AVAILABLE RECORDS:
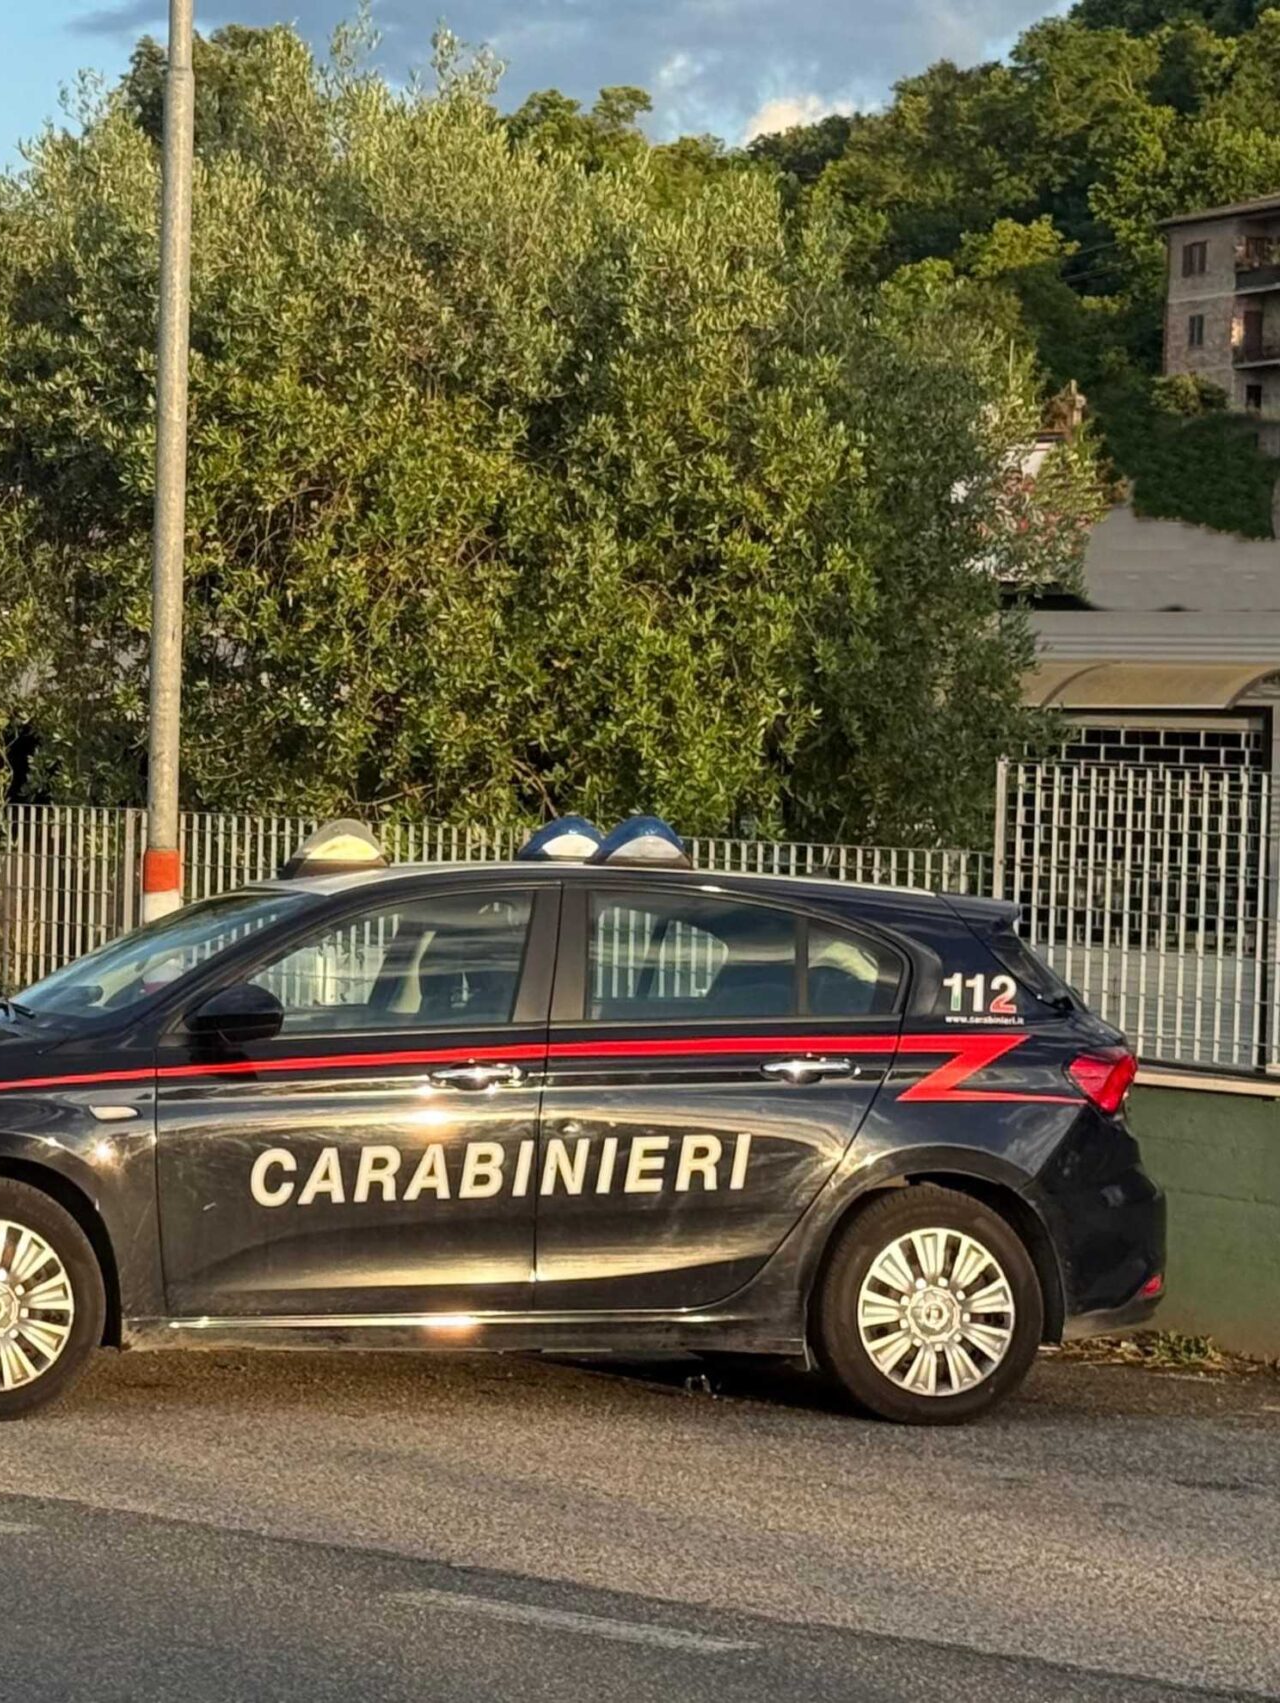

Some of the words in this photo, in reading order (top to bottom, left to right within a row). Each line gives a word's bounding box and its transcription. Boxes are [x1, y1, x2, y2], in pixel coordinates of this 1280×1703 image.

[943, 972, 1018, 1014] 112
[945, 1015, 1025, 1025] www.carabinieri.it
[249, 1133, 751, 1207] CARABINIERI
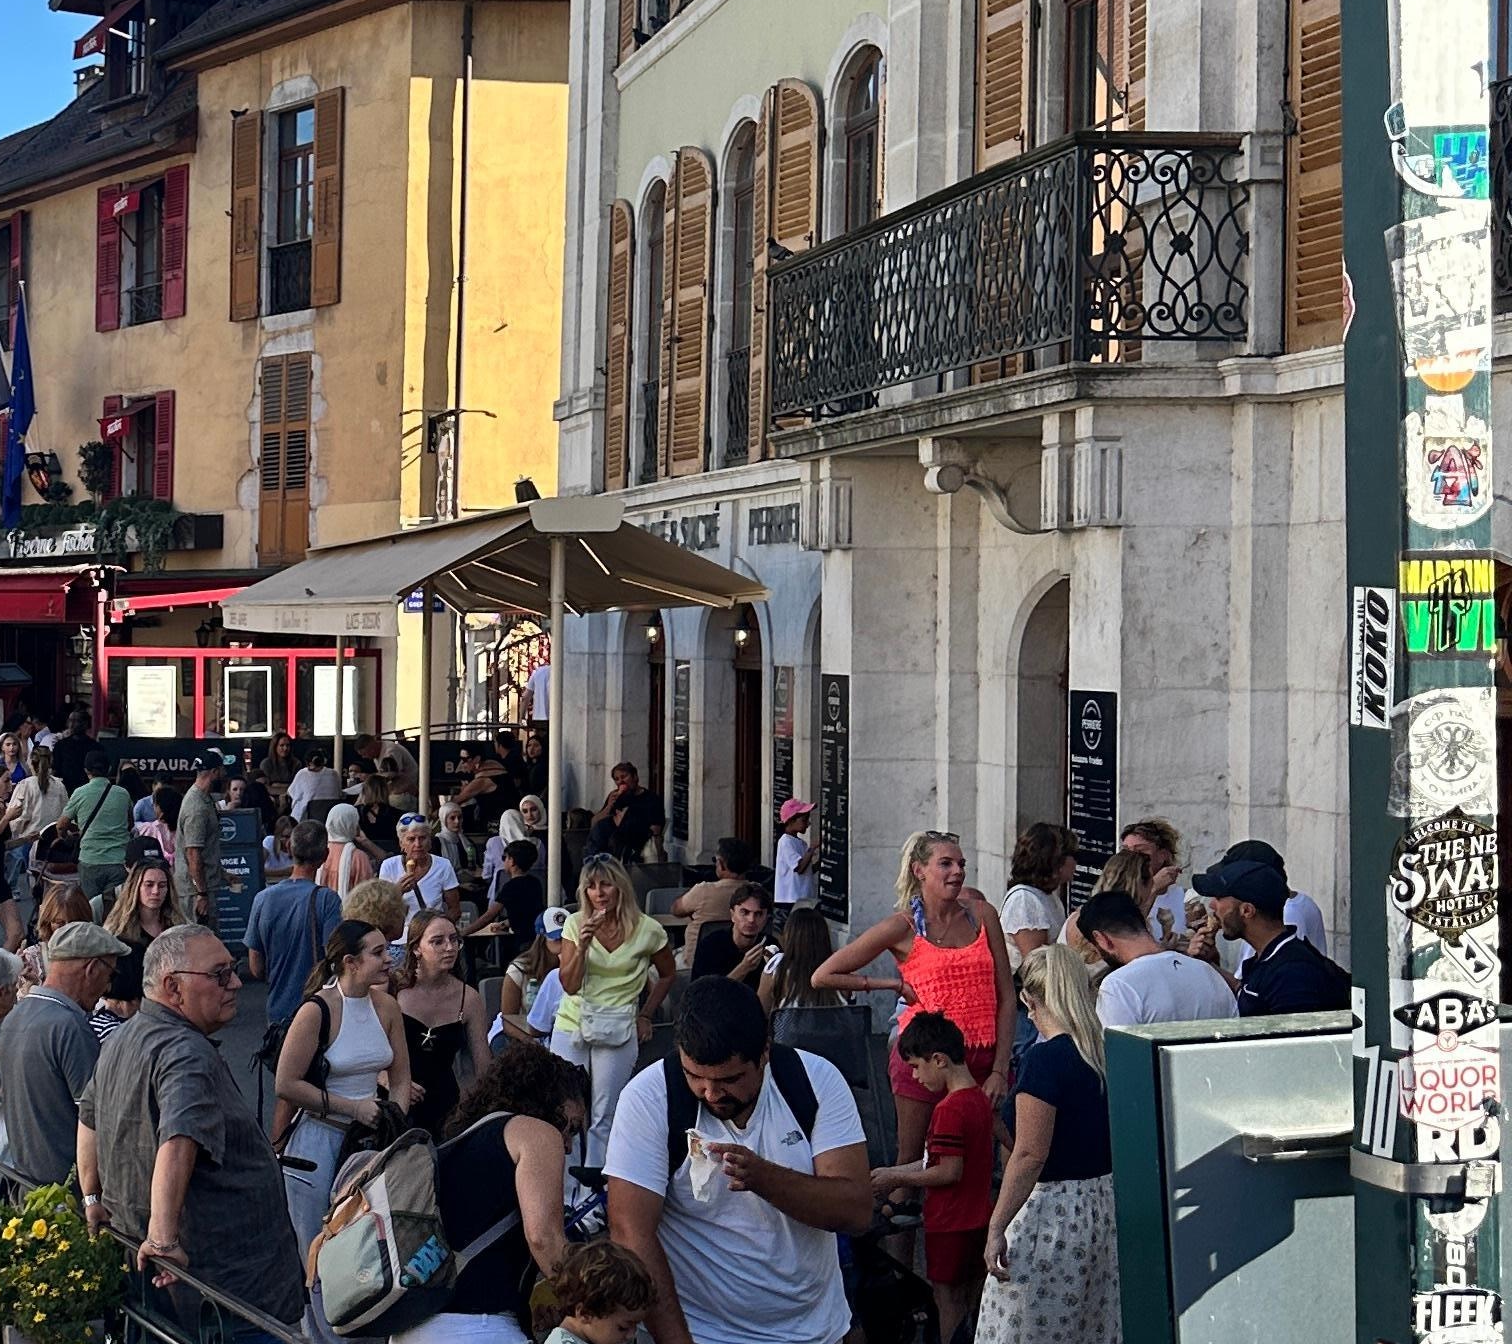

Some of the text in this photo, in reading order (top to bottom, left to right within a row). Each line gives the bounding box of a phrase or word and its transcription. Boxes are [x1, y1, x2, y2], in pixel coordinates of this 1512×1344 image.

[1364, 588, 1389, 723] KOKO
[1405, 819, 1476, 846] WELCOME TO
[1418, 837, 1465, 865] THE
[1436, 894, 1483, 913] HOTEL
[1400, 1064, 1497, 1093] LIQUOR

ASSIGNMENT: Would you please give the material above again, unchanged but without pictures?

REPLY TO THE EXERCISE:
Some of the words in this photo, in reading order (top to bottom, left to right within a row). Each line gives a word's bounding box and its transcription. Boxes are [x1, y1, x2, y2], in pixel coordinates of this 1280×1703 image.

[943, 972, 1018, 1014] 112
[945, 1015, 1025, 1025] www.carabinieri.it
[249, 1133, 751, 1207] CARABINIERI

Some of the text in this photo, in reading order (top to bottom, left to right within a row). Each line gives the bounding box of a phrase or word and its transcription. Boxes are [x1, y1, x2, y2], in pixel coordinates of this 1512×1344 image.

[1364, 588, 1389, 723] KOKO
[1405, 819, 1476, 846] WELCOME TO
[1418, 837, 1465, 865] THE
[1436, 894, 1483, 913] HOTEL
[1400, 1064, 1497, 1093] LIQUOR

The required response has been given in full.